(Source material begins)

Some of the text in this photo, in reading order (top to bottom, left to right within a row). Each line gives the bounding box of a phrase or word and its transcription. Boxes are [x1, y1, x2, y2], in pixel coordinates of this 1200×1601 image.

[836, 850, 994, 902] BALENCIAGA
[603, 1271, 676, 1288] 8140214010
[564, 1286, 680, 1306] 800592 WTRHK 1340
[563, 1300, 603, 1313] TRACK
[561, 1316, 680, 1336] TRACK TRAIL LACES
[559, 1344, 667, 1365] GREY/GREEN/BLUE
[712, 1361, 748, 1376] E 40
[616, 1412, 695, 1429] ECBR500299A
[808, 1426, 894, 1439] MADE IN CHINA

(Source material ends)

All of the data must be written out again, exactly as it stands.

◆ Final answer
Some of the text in this photo, in reading order (top to bottom, left to right within a row). Each line gives the bounding box of a phrase or word and its transcription. Boxes are [x1, y1, x2, y2], in pixel coordinates of this 1200×1601 image.

[836, 850, 994, 902] BALENCIAGA
[603, 1271, 676, 1288] 8140214010
[564, 1286, 680, 1306] 800592 WTRHK 1340
[563, 1300, 603, 1313] TRACK
[561, 1316, 680, 1336] TRACK TRAIL LACES
[559, 1344, 667, 1365] GREY/GREEN/BLUE
[712, 1361, 748, 1376] E 40
[616, 1412, 695, 1429] ECBR500299A
[808, 1426, 894, 1439] MADE IN CHINA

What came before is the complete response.